Goroza encourages people who are not healthcare workers to educate themselves about the proper protections for everyday tasks outside of the home.
For instance, she says, N95 respirator masks are generally not necessary to wear while doing things like going to the grocery store.
She and her colleagues use them only when they are conducting aerosolized procedures, including administering nebulized medication or oxygen with face tents, which are likely to release respiratory droplets into the air. Otherwise, they enter COVID-19 patients’ rooms wearing standard surgical masks.
“Seeing people on the streets walking around with N95s is akin to seeing someone walk around with a bullet-proof vest,” she says. “You don’t need it.”
Goroza and Cava emphasize that they are grateful for the opportunity to learn and help patients during the global health crisis, but admit that “it’s a lot” to work in “war mode,” in an unprecedented situation that has shaken some of the world’s most experienced healthcare workers.
“Socially, it’s very weird, and it feels alienating at times,” Goroza says. “A lot of what I’m reading is telling us to stay home and be safe, but what about us college kids on the front lines? Students are still out there, but you don’t hear a lot about it. We’re the youngest people out there fighting this.”

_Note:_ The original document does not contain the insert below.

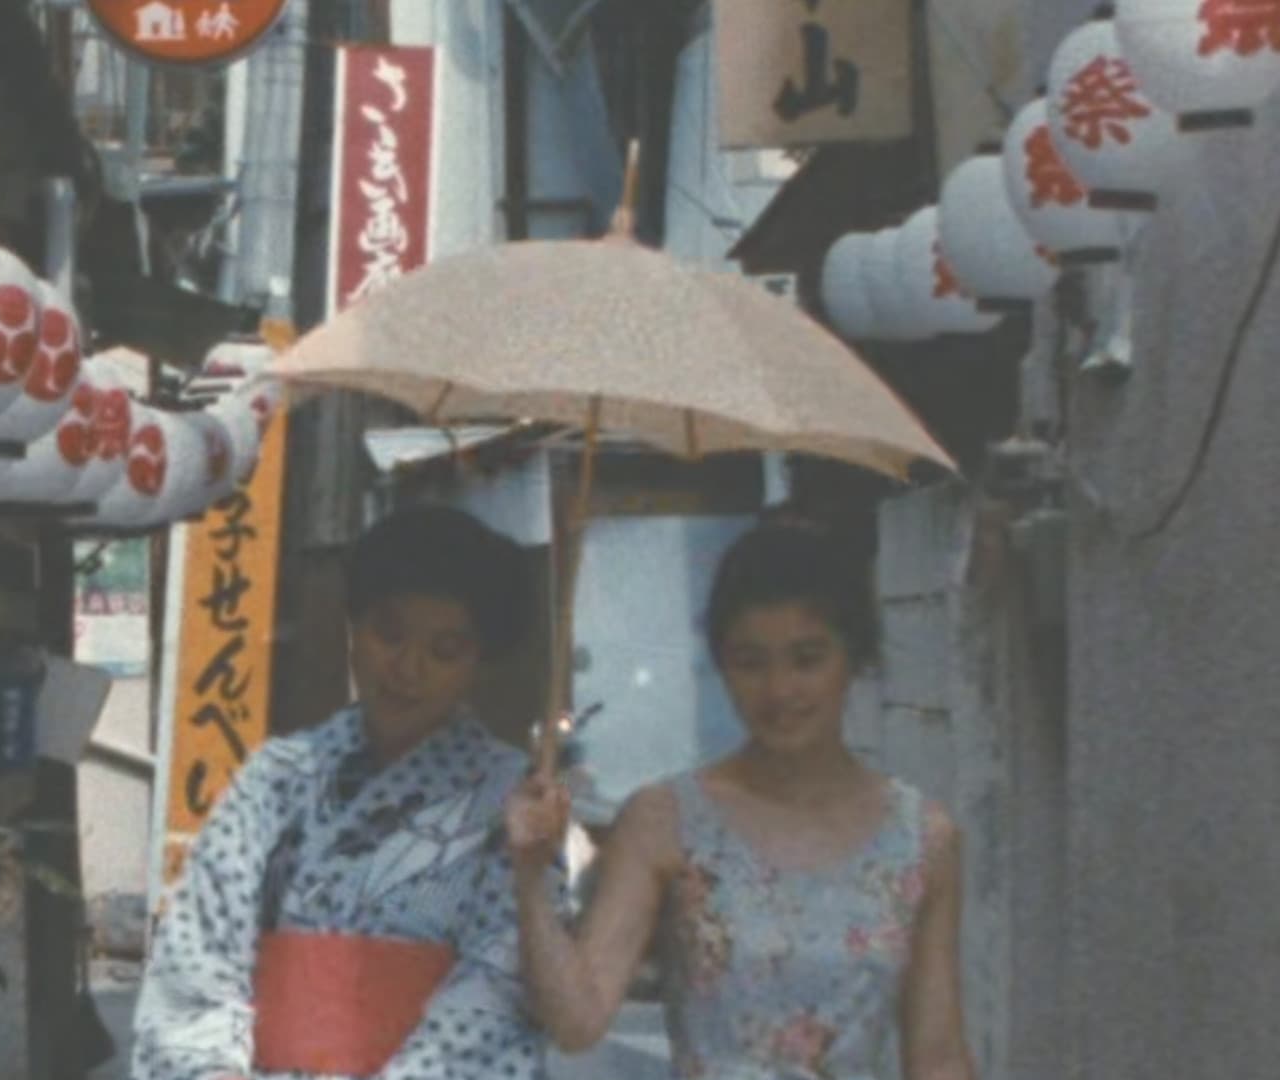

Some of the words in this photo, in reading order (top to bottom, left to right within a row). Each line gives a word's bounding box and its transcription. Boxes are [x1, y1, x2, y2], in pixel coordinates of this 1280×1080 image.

[773, 0, 861, 123] 山
[1062, 54, 1154, 149] 祭
[186, 476, 257, 816] 子せんべい

Cava and Goroza, who met on campus last fall while taking an emergency medical technician certification class, say they feel fortunate to be able to relate to each other.
Goroza says she is making more-frequent-than-usual phone calls with her parents, who live in Westborough, Massachusetts. Since “they are older,” she has told them she won’t be able to see them in person until August, after her six-month co-op is finished and she’s taken the necessary time to quarantine herself after her last shift.
Cava and Goroza, who each live with other students in apartments in Boston, say their roommates have also been understanding.
“I have had several conversations with my roommate, who is working from home for her co-op, about what I’m doing, and she’s fine with it,” Goroza says. “I can only imagine what it’s like for other people on the front lines who have to come home to people who aren’t comfortable with it.”
As part of her effort to keep the virus out of their apartment, Goroza changes out of her scrubs before leaving the hospital, then showers immediately after riding home on her bike. She’s also monitoring herself for symptoms. After experiencing the faintest tickle of a sore throat a couple weeks ago, she took a COVID-19 test at work as a precaution, and it came back negative.
Goroza and Cava probably could have left their co-op jobs early, given the circumstances. Staying was a choice.
“I told my nursing director, ‘I want to keep working’,” Cava says, adding that the nurses on his unit have been taking the time to teach him a lot of new things, even during the stressful surge.
“This is what I want to do with my life, and I know because I’ve been doing it and learning things I could never learn in a classroom,” Goroza says. “Even if I have been making the smallest contributions in the hospital, it means something.”